ORDRE DU JOUR DE LA PROCHAINE SÉANCE

    M. le président. Ce soir, à vingt et une heures trente, deuxième séance publique :
    Suite de la discussion, après déclaration d'urgence, du projet de loi, n° 885, portant réforme des retraites :
    M. Bernard Accoyer, rapporteur au nom de la commission des affaires culturelles, familiales et sociales (rapport n° 898) ;
    M. François Calvet, rapporteur pour avis au nom de la commission de la défense nationale et des forces armées (avis n° 895) ;
    M. Xavier Bertrand, rapporteur pour avis au nom de la commission des finances, de l'économie générale et du Plan (avis n° 899) ;
    Mme Claude Greff, rapporteure au nom de la délégation aux droits des femmes et à l'égalité des chances entre les hommes et les femmes (rapport d'information n° 892).
    La séance est levée.
    (La séance est levée à vingt heures.)

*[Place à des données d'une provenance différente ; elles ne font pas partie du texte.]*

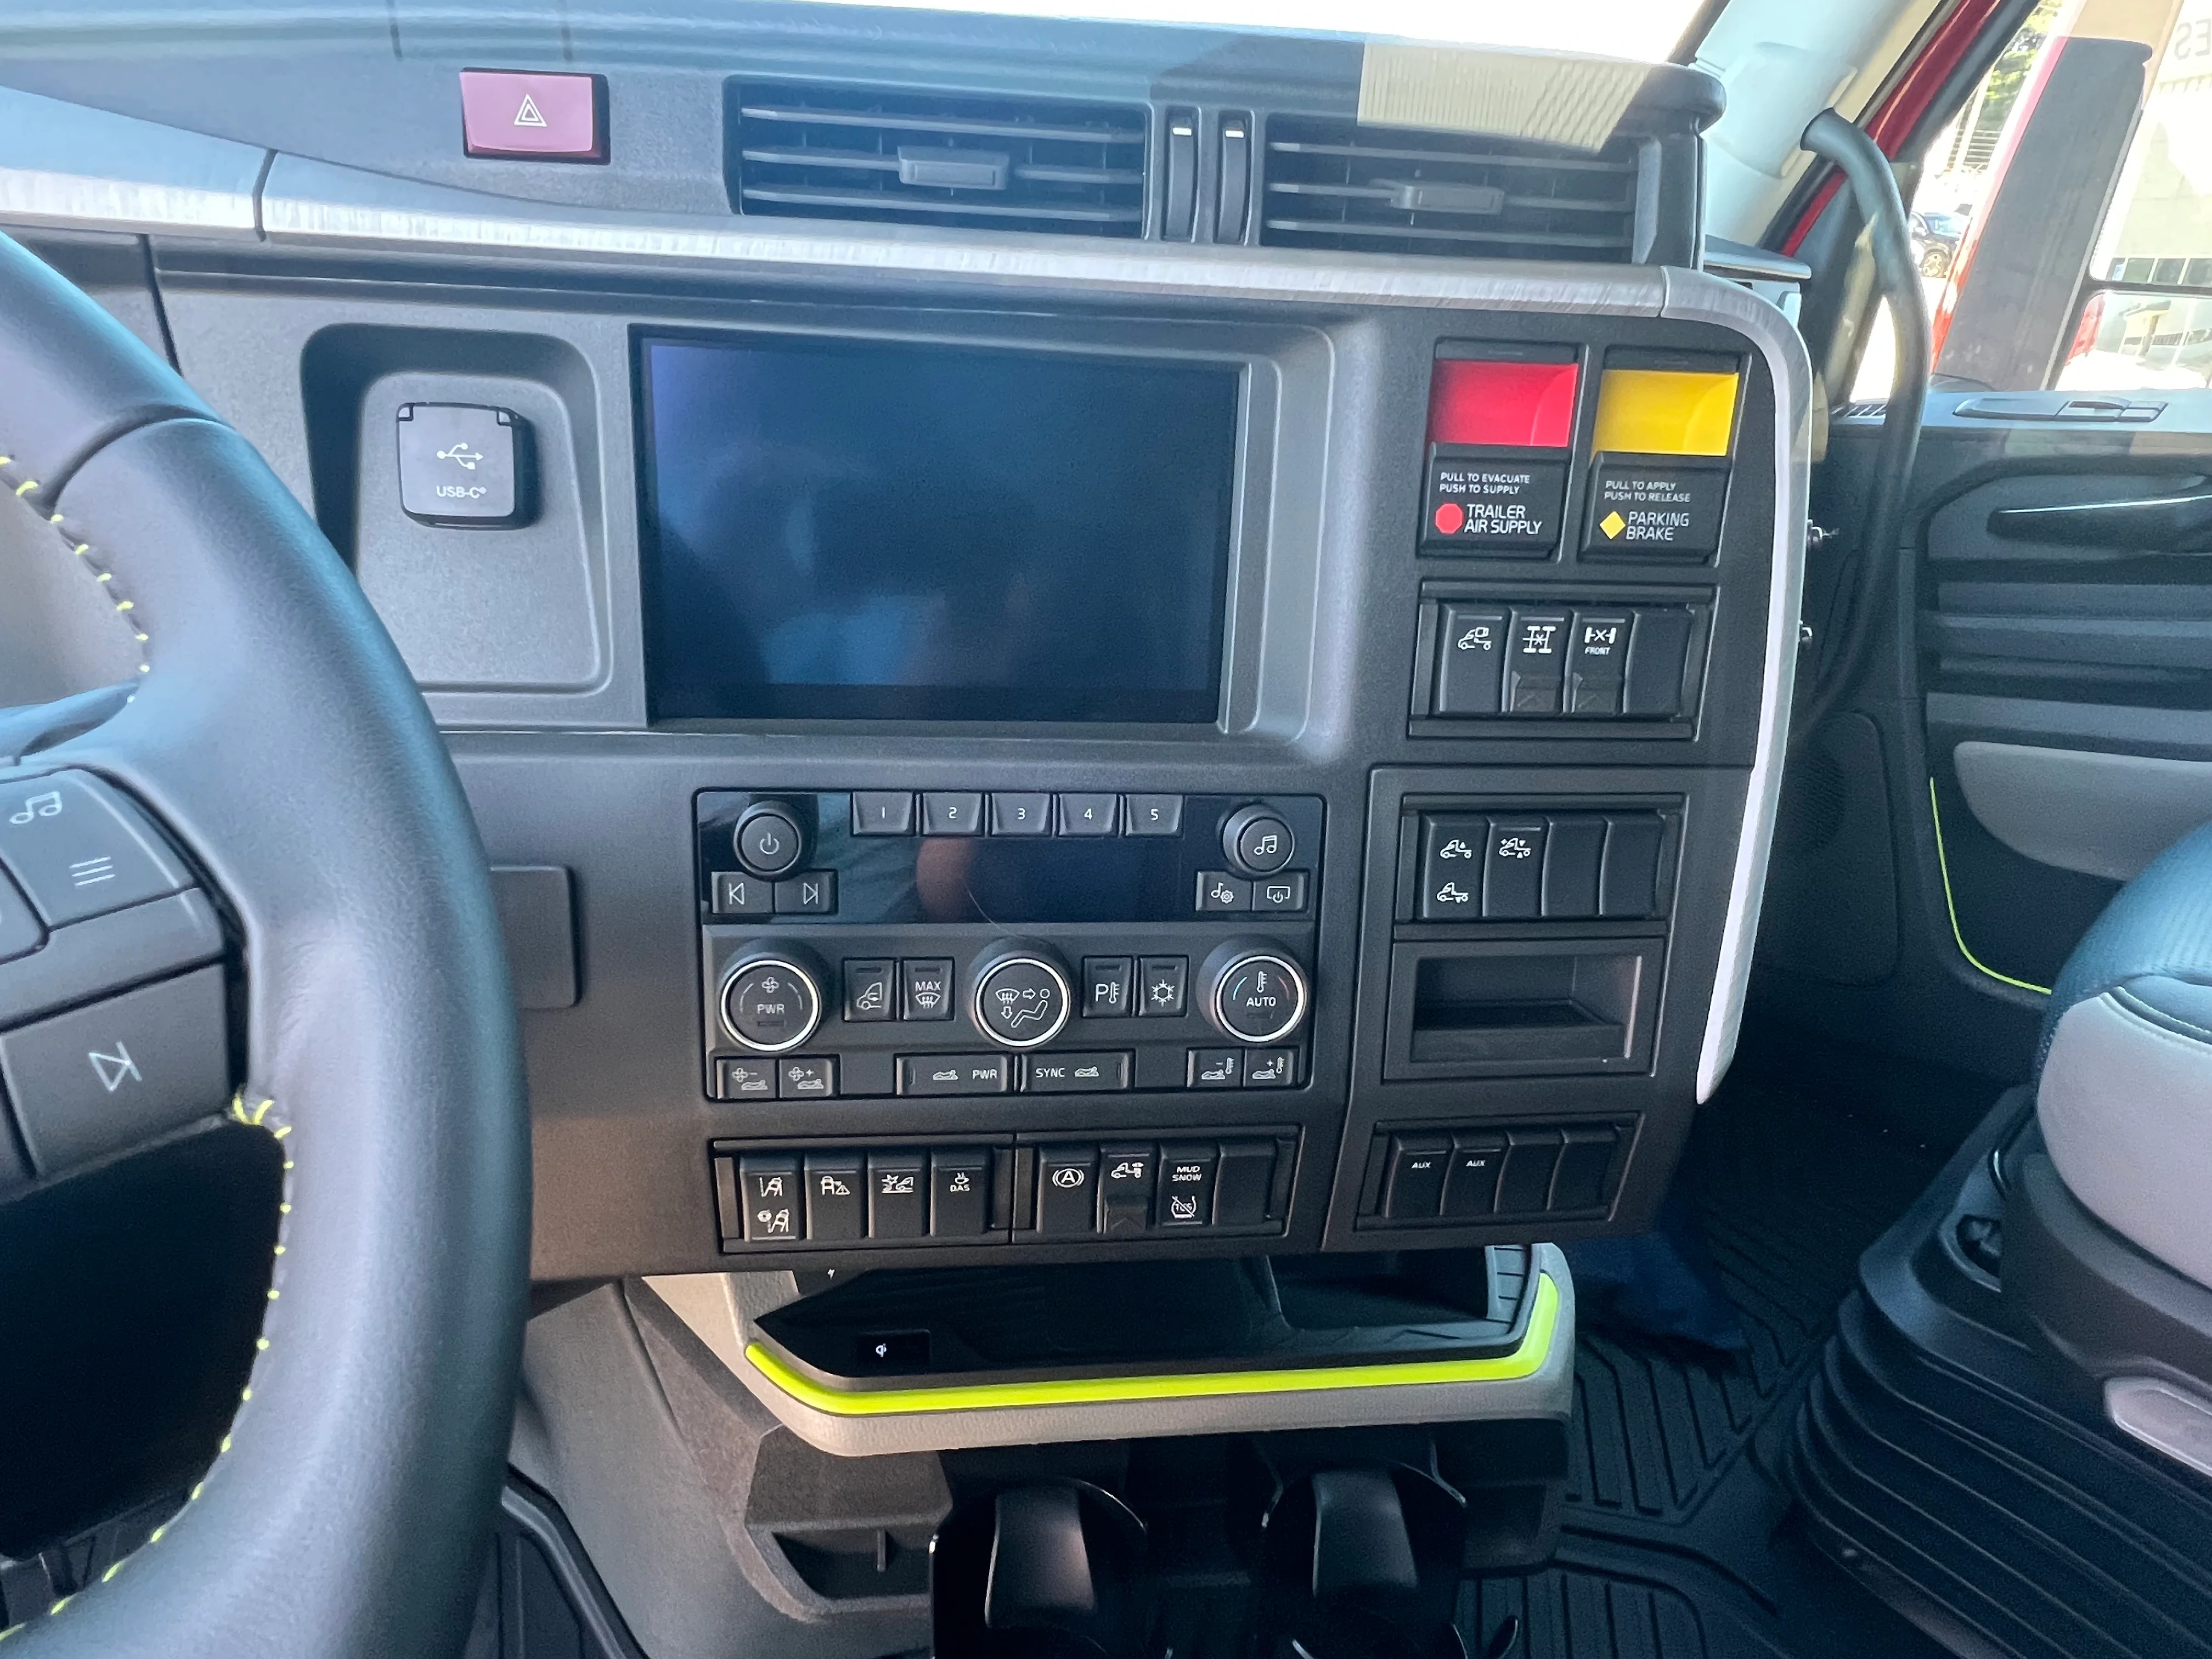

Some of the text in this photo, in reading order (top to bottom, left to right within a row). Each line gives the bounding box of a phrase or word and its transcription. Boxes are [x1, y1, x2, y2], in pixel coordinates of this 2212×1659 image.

[1440, 472, 1531, 485] PULL TO EVACUATE
[1439, 483, 1520, 495] PUSH TO SUPPLY
[1606, 480, 1676, 492] PULL TO APPLY
[1604, 491, 1691, 503] PUSH TO RELEASE
[1467, 503, 1526, 519] TRAILER
[1627, 511, 1690, 527] PARKING
[1464, 518, 1542, 535] AIR SUPPLY
[1626, 527, 1674, 541] BRAKE
[882, 806, 886, 819] 1
[948, 806, 958, 819] 2
[1017, 807, 1026, 820] 3
[1084, 808, 1093, 820] 4
[1150, 808, 1159, 821] 5
[915, 980, 941, 991] MAX
[1246, 996, 1277, 1008] AUTO
[756, 1003, 785, 1014] PWR
[972, 1068, 998, 1080] PWR
[1035, 1068, 1065, 1079] SYNC
[1172, 1173, 1202, 1182] SNOW
[950, 1184, 970, 1192] DAS
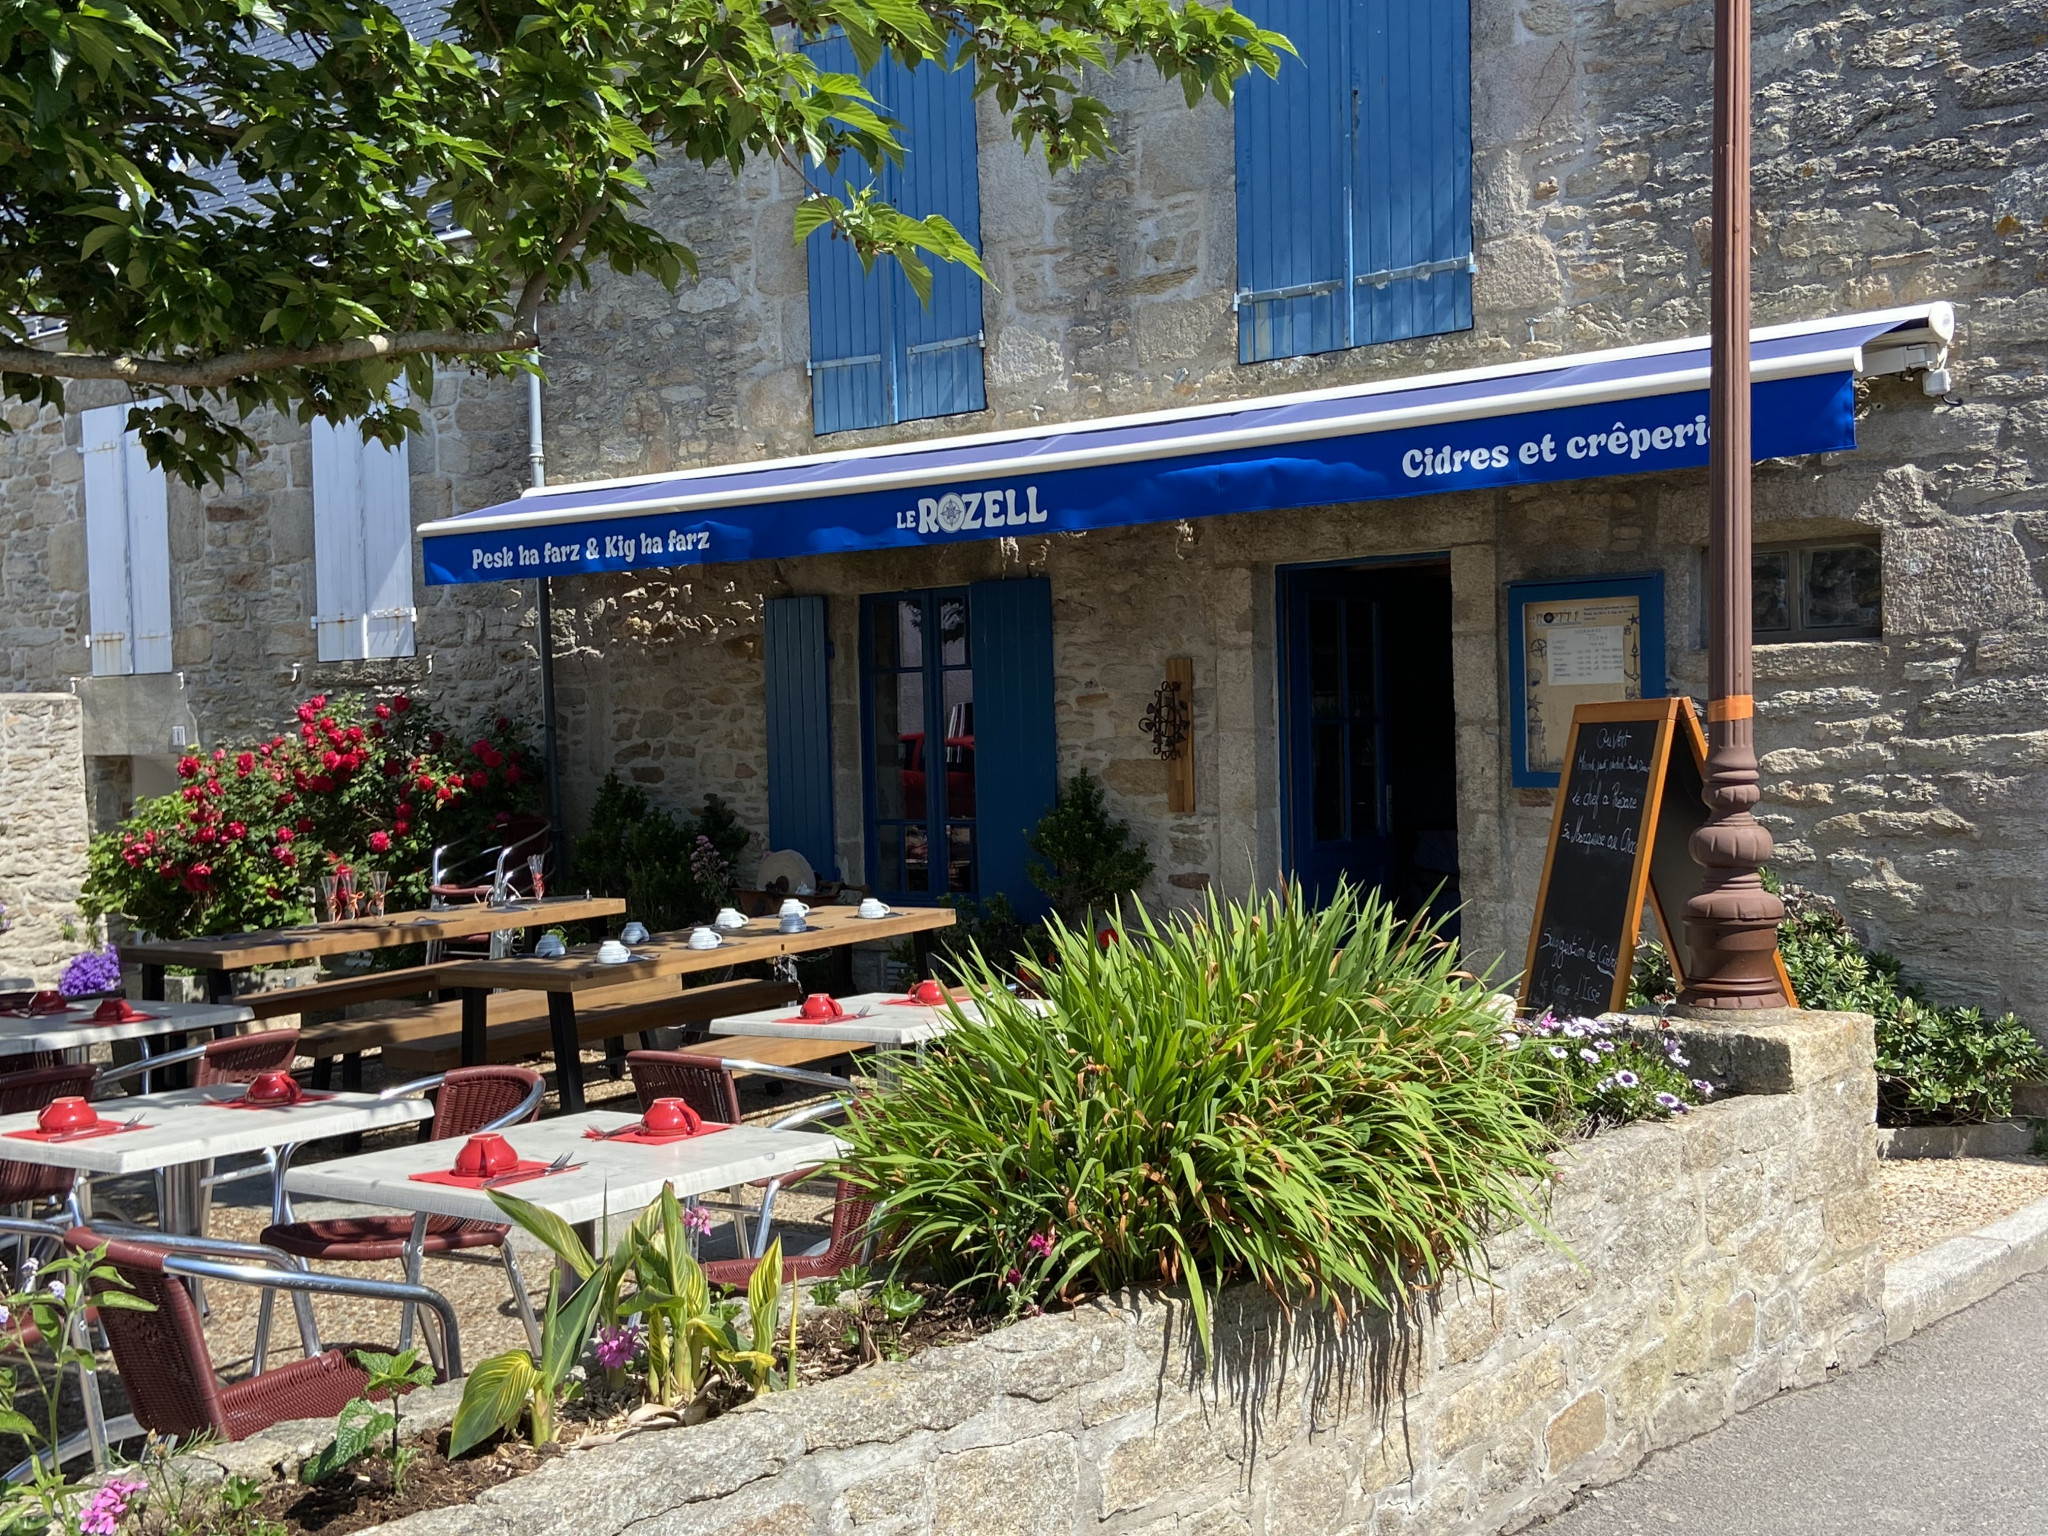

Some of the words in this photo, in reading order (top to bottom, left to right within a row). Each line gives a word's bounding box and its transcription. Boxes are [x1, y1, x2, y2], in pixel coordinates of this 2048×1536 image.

[1402, 445, 1509, 478] Cidres
[1518, 433, 1557, 465] et
[896, 511, 916, 529] LE
[917, 486, 1048, 534] ROZELL
[472, 547, 514, 570] Pesk
[519, 544, 540, 566] ha
[544, 542, 580, 565] farz
[585, 537, 600, 559] &
[605, 535, 635, 563] Kig
[640, 532, 663, 555] ha
[668, 529, 710, 552] farz
[1587, 938, 1596, 962] de

Le Directeur du service du compte rendu intégralde l'Assemblée nationale,
JEAN PINCHOT
annexe au procès-verbal
de la 1re séance
du lundi 16 juin 2003
SCRUTIN (n° 176)


sur les amendements n° 704 de M. Bapt, n° 707 de M. Bataille, n° 730 de M. Charzat, n° 763 de Mme Génisson, n° 769 de Mme Guigou, n° 789 de M. Le Garrec, n° 805 de M. Masse, n° 827 de M. Roman, n° 830 de Mme Royal, n° 837 de M. Terrasse et n° 841 de M. Valls à l'article premier du projet de loi portant réforme des retraites (prise en compte de la pénibilité des métiers).

Nombre de votants

131


Nombre de suffrages exprimés

131


Majorité absolue

66


Pour l'adoption

34


Contre

97

    L'Assemblée nationale n'a pas adopté.

ANALYSE DU SCRUTIN

Groupe UMP (364) :
    Contre : 95 membres du groupe, présents ou ayant délégué leur droit de vote.
    Non-votants : M. Jean-Louis Debré (président de l'Assemblée nationale).
Groupe socialiste (149) :
    Pour : 26 membres du groupe, présents ou ayant délégué leur droit de vote.
    Contre : 2. - M. Yves Durand et Mme Ségolène Royal.
Groupe Union pour la démocratie française (30) :
    Non-votants : M. Rudy Salles (président de séance).
Groupe communistes et républicains (22) :
    Pour : 8 membres du groupe, présents ou ayant délégué leur droit de vote.
Non-inscrits (12).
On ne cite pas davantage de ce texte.